We next determined whether individuals with T1D in the absence of HLA-DR3/DR4 may carry greater polygenic risk. We first determined whether known risk variants for T1D broadly had stronger effects in non-DR3/DR4 compared to DR3/DR4. An increased proportion (60.2%) of lead variants at 88 known T1D loci had stronger effect in non-DR3/DR4, although this was not significant (binomial p=0.069). We next determined whether non-HLA heritability differed between groups, and there was a small increase in estimated heritability for T1D in non-DR3/DR4 compared to DR3/DR4 (non-DR3/DR4 h2=0.2846, se=0.0795; DR3DR4 h2=0.2693, se=0.0428). Finally, there was a significant increase in the ability to distinguish T1D from controls in non-DR3/DR4 compared to DR3/DR4 (AUC=0.752, AUC=0.733, p=0.0238) using a risk score derived from 87 non-MHC lead variants in a recent T1D GWAS3. The ability to distinguish T1D from control in non-DR3/DR4 was further improved when using variant effects derived from the non-DR3/DR4 T1D GWAS (AUC=0.768, p=1.66×10-5). Together these results provide evidence for a larger polygenic contribution to T1D risk in the absence of high-risk DR3/DR4 haplotypes.
We next investigated whether variants within the MHC locus contribute to heterogeneity between non-DR3/DR4 and DR3/DR4 (see Methods). Of the 12 MHC signals identified in non-DR3/DR4 T1D, the lead variants of 8 signals exhibited heterogeneity between groups after conditioning on preceding signals from stepwise regression (Fig. 2a, Supplementary Table 7). Most signals were in linkage disequilibrium (LD) with known T1D-associated alleles, except for two apparent novel signals linked to HLA-DRB1*09:01-DQA1*03:01-DQB1*03:03 and B*44:02, respectively (Fig. 2a, Supplementary Table 8). Among a larger set of 40 known MHC T1D risk alleles, 22 two-digit class I and class II alleles had evidence for heterogeneity (p<0.05) (see Methods, Fig. 2d,e, Supplementary Table 9). In class I, HLA-B*39:06 had increased risk in non-DR3/DR4 (p=8.27×10-3), HLA-A*01:01 was more protective in non-DR3/DR4 (p=2.7×10-4), and HLA-B*18:01 had opposed effects in non-DR3/DR4 and DR3/DR4 (p=5.41×10-6) (Fig. 2d,e). In class II, DRB1*15:01-DQB1*06:02 was more protective in DR3/DR4 (DRB1*15:01 p=8.187×10-8, DQB1*6:02 p=8.62×10-7) (Fig. 2d,e), DRB1*13:01-DQB1*06:03 was more protective in non-DR3/DR4 (p=6.3×10-3) (Fig. 2d,e), and DPB1*03:01 had increased risk in DR3/DR4 (p=0.035) (Fig. 2d,e)31. Together this reveals MHC alleles with heterogeneity in effect on T1D in a non-DR3/DR4 background.

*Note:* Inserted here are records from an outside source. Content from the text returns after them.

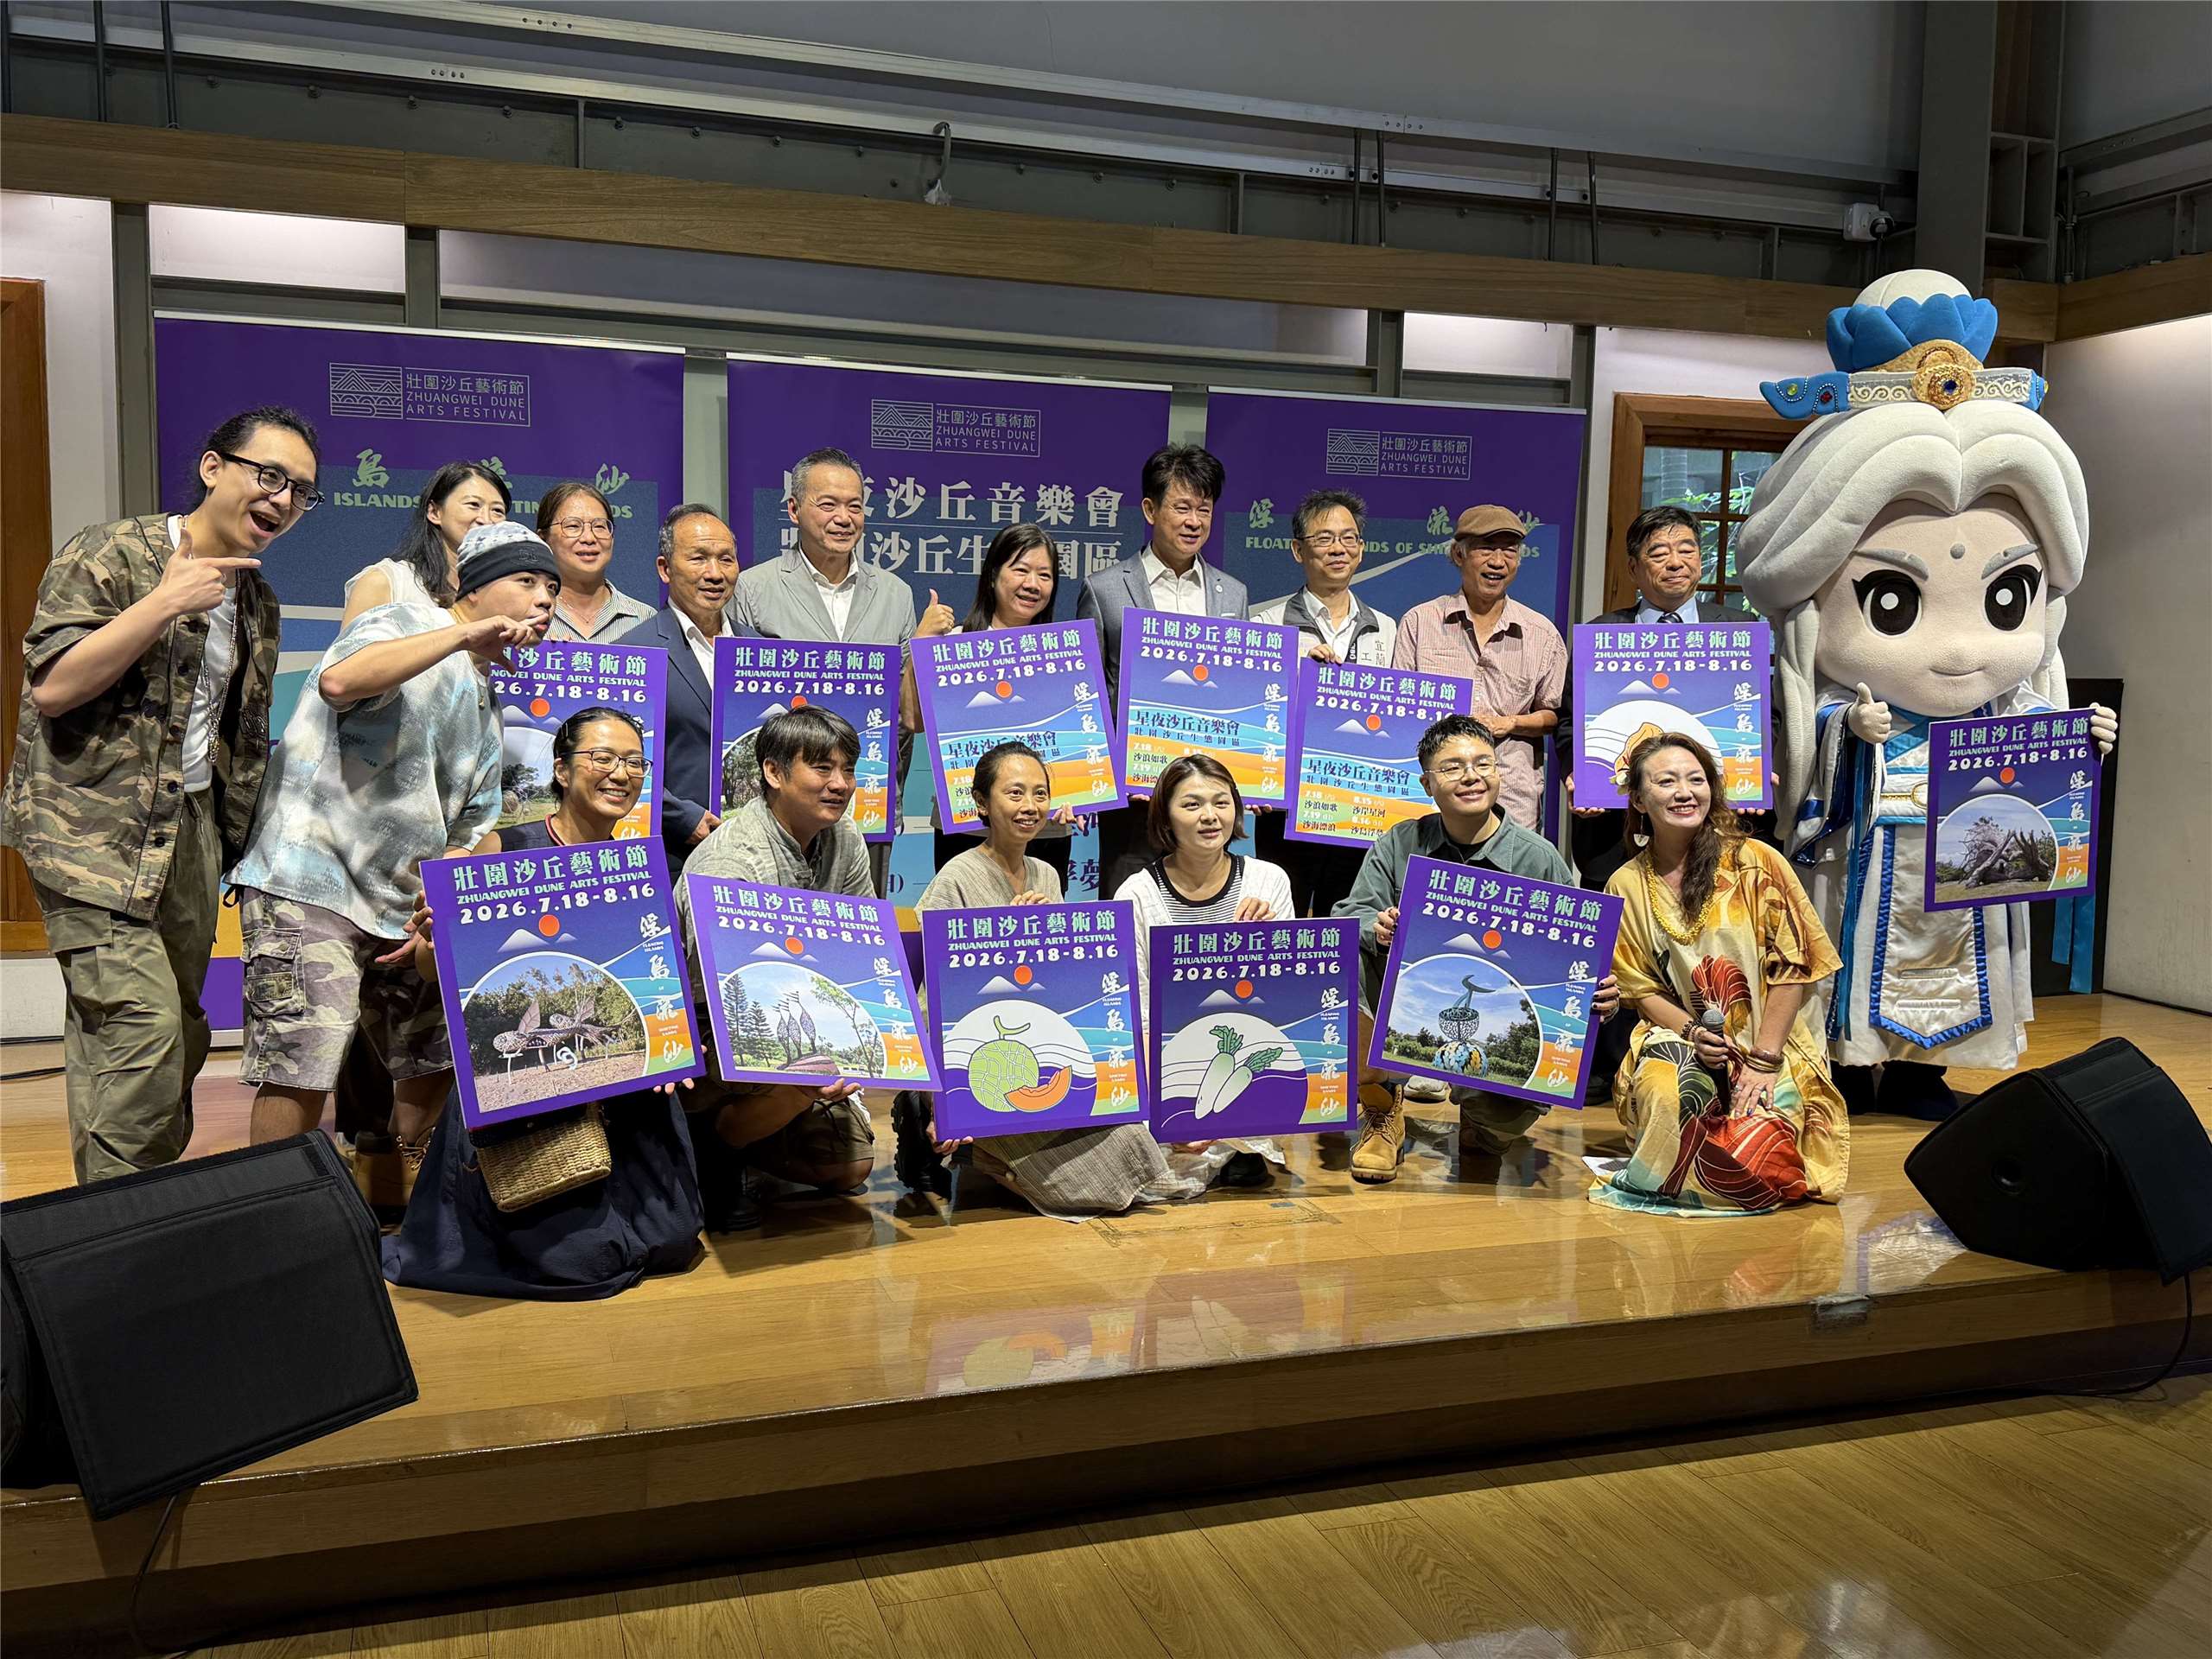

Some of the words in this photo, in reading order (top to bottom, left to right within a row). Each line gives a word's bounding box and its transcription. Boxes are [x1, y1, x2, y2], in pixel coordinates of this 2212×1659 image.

[406, 372, 524, 395] 壯圍沙丘藝術節
[406, 391, 485, 406] ZHUANGWEI
[491, 395, 525, 409] DUNE
[406, 404, 444, 416] ARTS
[454, 405, 525, 422] FESTIVAL
[936, 410, 1036, 429] 壯圍沙丘藝術節
[936, 426, 1001, 438] ZHUANGWEI
[1007, 429, 1036, 441] DUNE
[936, 437, 968, 449] ARTS
[976, 439, 1036, 453] FESTIVAL
[1382, 436, 1467, 454] 壯圍沙丘藝術節
[1381, 463, 1408, 474] ARTS
[1414, 464, 1467, 476] FESTIVAL
[1382, 452, 1437, 463] ZHUANGWEI
[1442, 454, 1467, 464] DUNE
[780, 528, 1122, 580] 沙丘生園區
[1246, 537, 1292, 550] FLOAT
[1395, 543, 1413, 554] OF
[1142, 617, 1282, 650] 壯圍沙丘藝術節
[1594, 631, 1751, 650] 壯圍沙丘藝術節
[932, 630, 1080, 663] 壯圍沙丘藝術節
[1141, 636, 1192, 649] ZHUANGWEI
[1196, 643, 1218, 652] DUNE
[1221, 646, 1243, 655] ARTS
[1246, 649, 1282, 659] FESTIVAL
[1141, 645, 1282, 672] 2026.7.18-8.16
[503, 646, 647, 677] 沙丘藝術節
[735, 647, 886, 671] 壯圍沙丘藝術節
[935, 661, 989, 672] ZHUANGWEI
[993, 658, 1016, 666] DUNE
[1020, 654, 1042, 663] ARTS
[1045, 649, 1084, 659] FESTIVAL
[1593, 659, 1752, 672] 2026.7.18-8.16
[533, 672, 563, 681] DUNE
[567, 674, 594, 684] ARTS
[599, 677, 646, 687] FESTIVAL
[734, 670, 790, 678] ZHUANGWEI
[938, 659, 1086, 687] 2026.7.18-8.16
[1319, 667, 1457, 701] 壯圍沙丘藝術節
[494, 681, 646, 702] 26.7.18-8.16
[734, 680, 885, 696] 2026.7.18-8.16
[1317, 686, 1367, 699] ZHUANGWEI
[1395, 696, 1416, 705] ARTS
[1419, 699, 1455, 710] FESTIVAL
[1137, 711, 1240, 735] 星夜沙丘音樂會
[1950, 717, 2088, 747] 壯圍沙丘藝術節
[1949, 746, 1999, 757] ZHUANGWEI
[2003, 743, 2024, 752] DUNE
[2028, 741, 2049, 749] ARTS
[2052, 737, 2088, 747] FESTIVAL
[1948, 747, 2088, 772] 2026.7.18-8.16
[1308, 759, 1410, 785] 星夜沙丘音樂會
[453, 845, 648, 891] 壯圍沙丘藝術節
[456, 887, 530, 906] ZHUANGWEI
[534, 882, 565, 895] DUNE
[569, 877, 599, 889] ARTS
[603, 871, 652, 884] FESTIVAL
[1428, 869, 1603, 922] 壯圍沙丘藝術節
[461, 883, 655, 925] 2026.7.18-8.16
[713, 885, 879, 923] 壯圍沙丘藝術節
[1426, 891, 1487, 910] ZHUANGWEI
[1491, 904, 1518, 917] DUNE
[1522, 911, 1548, 923] ARTS
[1552, 917, 1598, 933] FESTIVAL
[715, 906, 778, 920] ZHUANGWEI
[781, 914, 808, 925] DUNE
[811, 918, 836, 928] ARTS
[840, 921, 882, 932] FESTIVAL
[718, 916, 886, 946] 2026.7.18-8.16
[947, 911, 1116, 940] 壯圍沙丘藝術節
[1422, 902, 1595, 948] 2026.7.18-8.16
[948, 940, 1010, 951] ZHUANGWEI
[1014, 938, 1040, 947] DUNE
[1045, 936, 1070, 945] ARTS
[1074, 933, 1117, 944] FESTIVAL
[1173, 927, 1340, 955] 壯圍沙丘藝術節
[949, 944, 1118, 969] 2026.7.18-8.16
[1173, 956, 1233, 965] ZHUANGWEI
[1237, 953, 1263, 963] DUNE
[1268, 952, 1293, 961] ARTS
[1297, 950, 1340, 959] FESTIVAL
[1173, 962, 1340, 982] 2026.7.18-8.16

As a higher proportion of individuals without DR3/DR4 haplotypes have later onset of disease, we next examined whether heterogeneity in T1D risk between non-DR3/DR4 and DR3/DR4 was consistent across age of onset. We compared the effects of non-DR3/DR4 signals in each individual cohort included in our meta-analysis, including the WTCCC and T1DGC cohorts where all cases had age of onset <17 (Supplementary Table 1). Among loci significant in non-DR3/DR4 that also exhibited heterogeneity with DR3/DR4, we observed no difference in T1D effects in WTCCC and T1DGC compared to other cohorts (Cochran Q p>0.05). (Supplementary Table 2, Supplementary Fig. 2). In addition, signals with heterogeneity between non-DR3/DR4 and DR3/DR4 were largely distinct from those with age-dependent association from a separate study17, and HLA-B*39:06 had larger effect in non-DR3/DR4 and was associated with younger age of onset (Supplementary Fig. 1). This supports that heterogeneity in non-DR3/DR4 appears distinct from T1D age of onset-dependent effects.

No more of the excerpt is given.